REQUIREMENT
A verbatim transcription of the listing below is required, without its pictures.

EXTRACTED ENTRIES

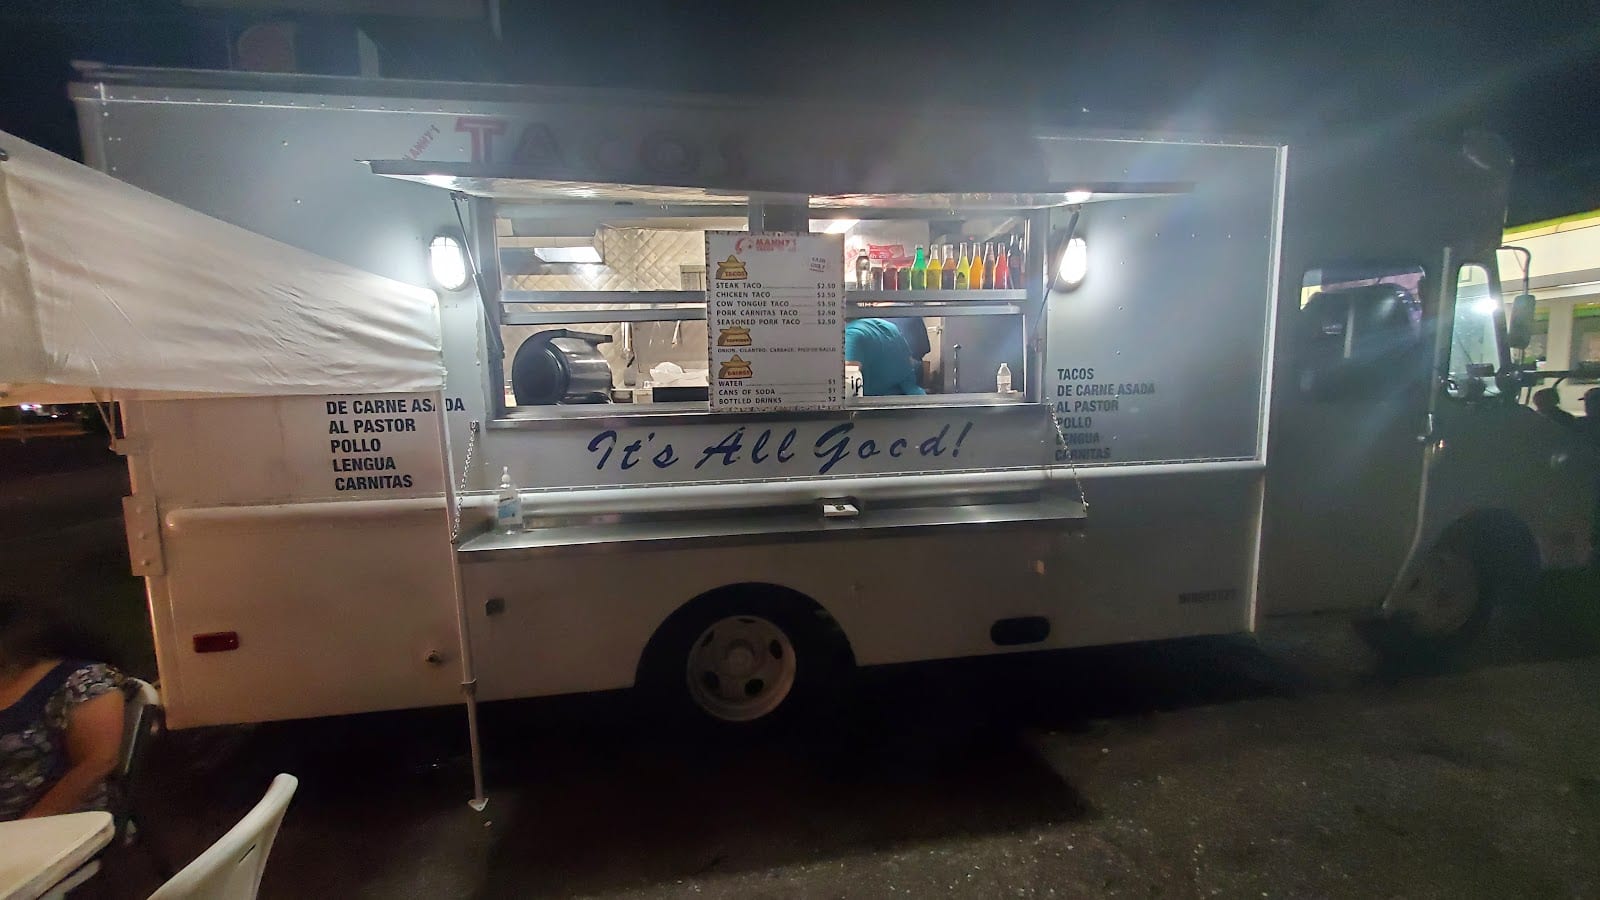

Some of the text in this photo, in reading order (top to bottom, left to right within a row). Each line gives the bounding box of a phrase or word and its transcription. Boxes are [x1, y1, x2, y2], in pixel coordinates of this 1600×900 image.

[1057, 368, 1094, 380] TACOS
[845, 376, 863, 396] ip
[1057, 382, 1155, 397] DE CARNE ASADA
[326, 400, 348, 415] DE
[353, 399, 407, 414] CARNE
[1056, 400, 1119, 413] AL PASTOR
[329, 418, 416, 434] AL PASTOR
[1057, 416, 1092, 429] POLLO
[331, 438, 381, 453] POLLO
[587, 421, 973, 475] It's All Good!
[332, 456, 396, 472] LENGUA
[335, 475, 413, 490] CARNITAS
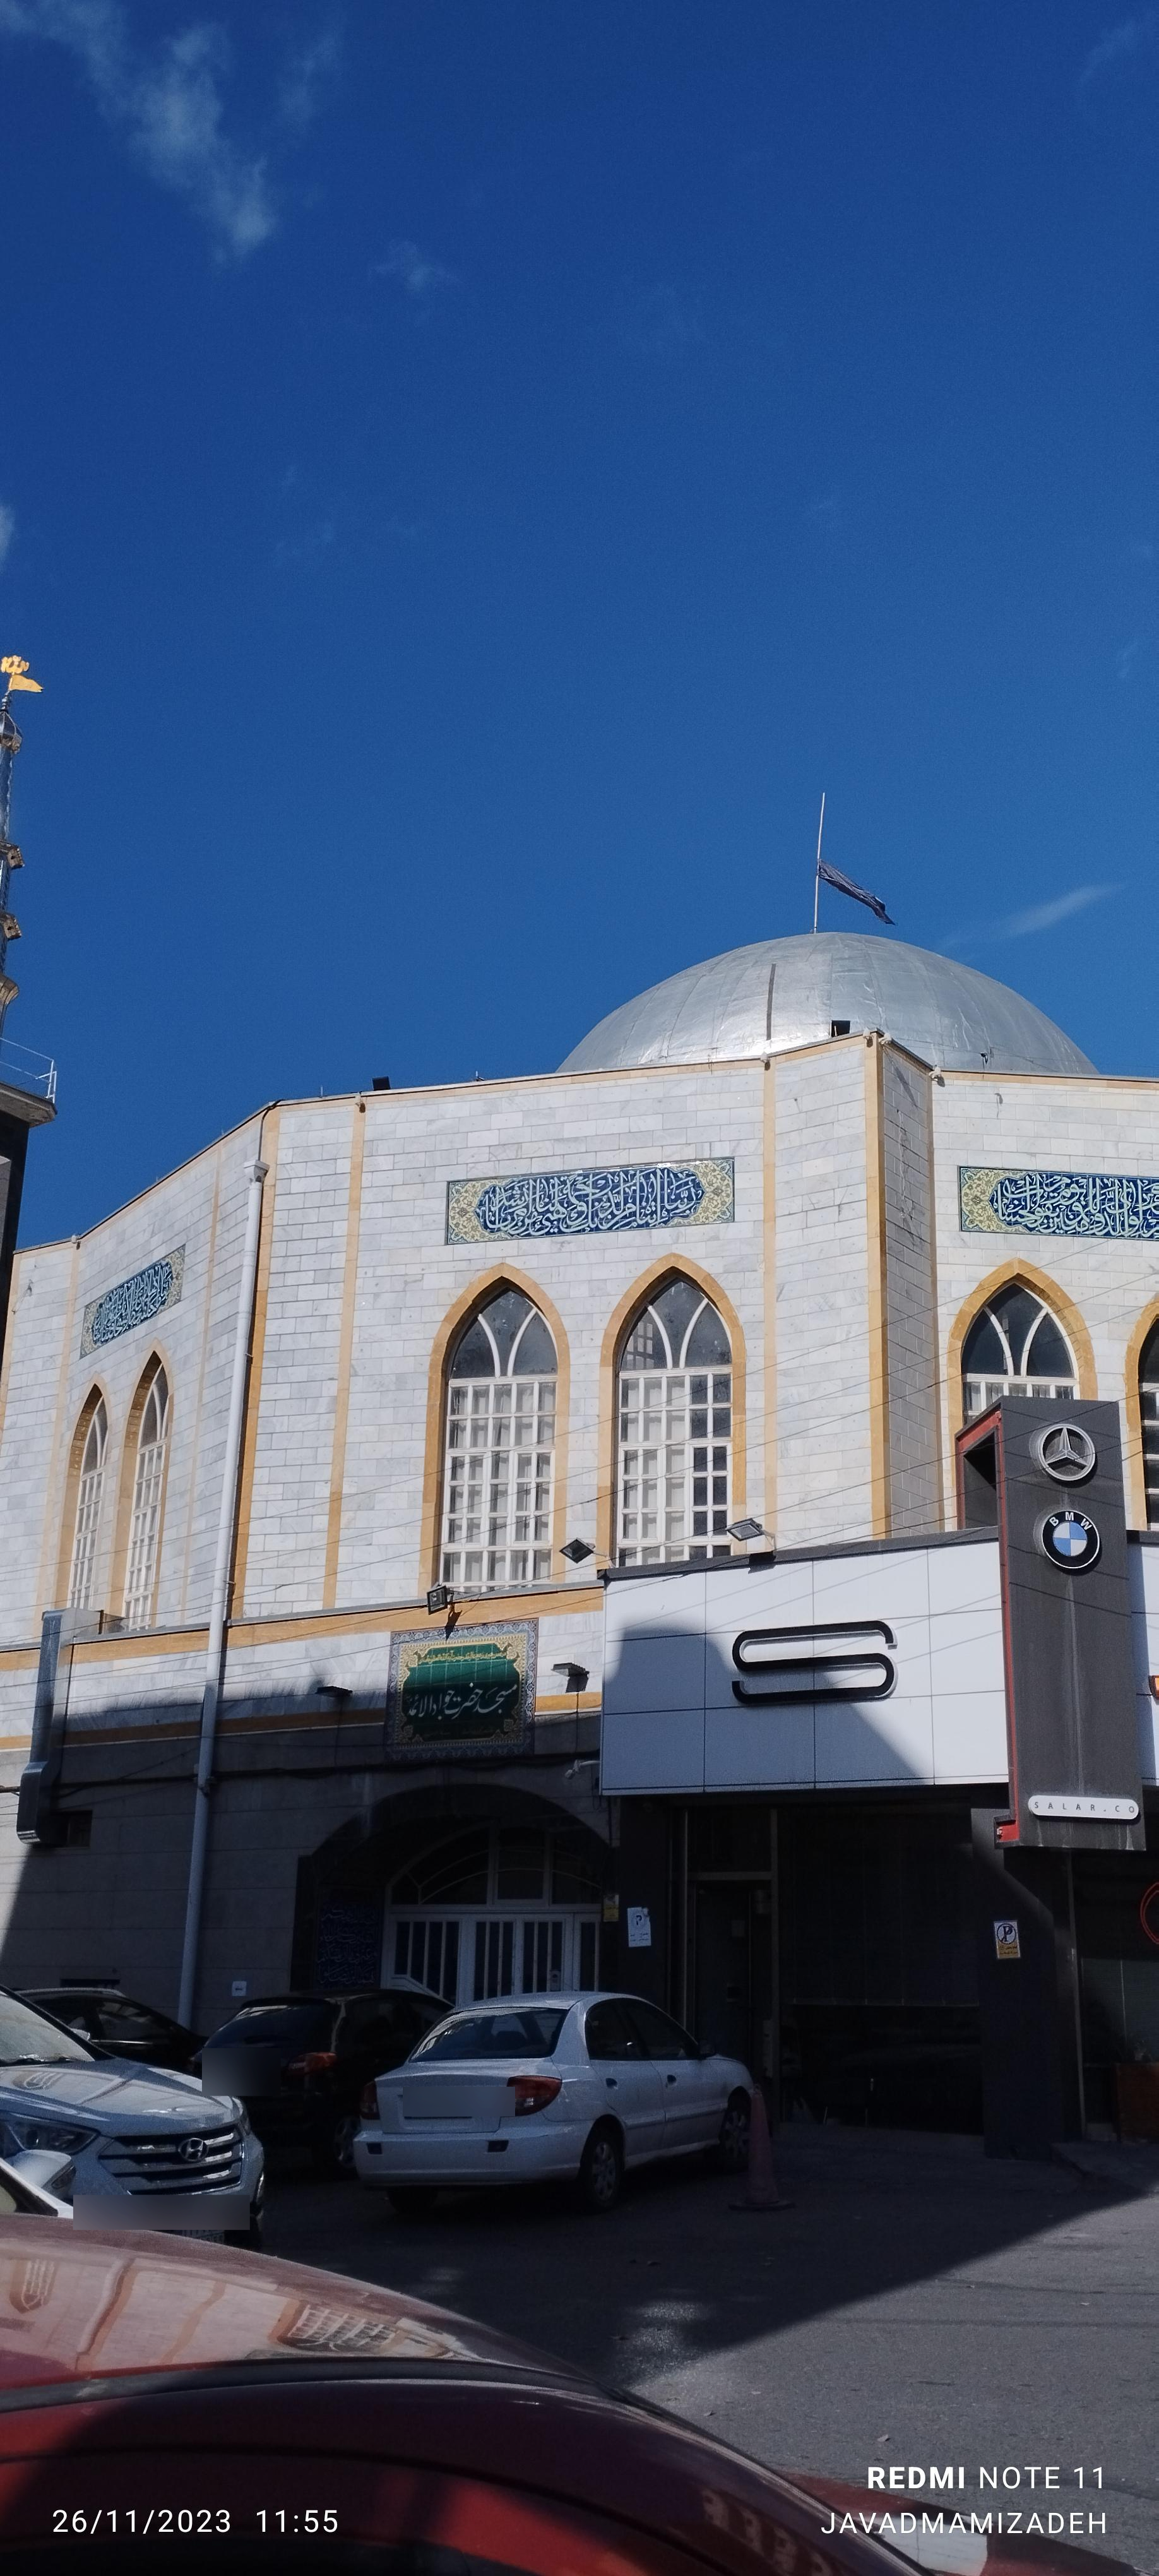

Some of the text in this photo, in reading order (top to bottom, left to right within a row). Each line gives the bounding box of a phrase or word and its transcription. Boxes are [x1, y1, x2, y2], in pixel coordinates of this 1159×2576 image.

ANSWER
Some of the text in this photo, in reading order (top to bottom, left to right within a row). Each line gives the bounding box of a phrase or word and its transcription. Boxes are [x1, y1, x2, y2], in pixel coordinates of this 1600×900 image.

[1057, 368, 1094, 380] TACOS
[845, 376, 863, 396] ip
[1057, 382, 1155, 397] DE CARNE ASADA
[326, 400, 348, 415] DE
[353, 399, 407, 414] CARNE
[1056, 400, 1119, 413] AL PASTOR
[329, 418, 416, 434] AL PASTOR
[1057, 416, 1092, 429] POLLO
[331, 438, 381, 453] POLLO
[587, 421, 973, 475] It's All Good!
[332, 456, 396, 472] LENGUA
[335, 475, 413, 490] CARNITAS

Some of the text in this photo, in reading order (top to bottom, left to right within a row). Each line gives the bounding box of a phrase or word and its transcription. Boxes are [x1, y1, x2, y2], in pixel coordinates of this 1159×2576 image.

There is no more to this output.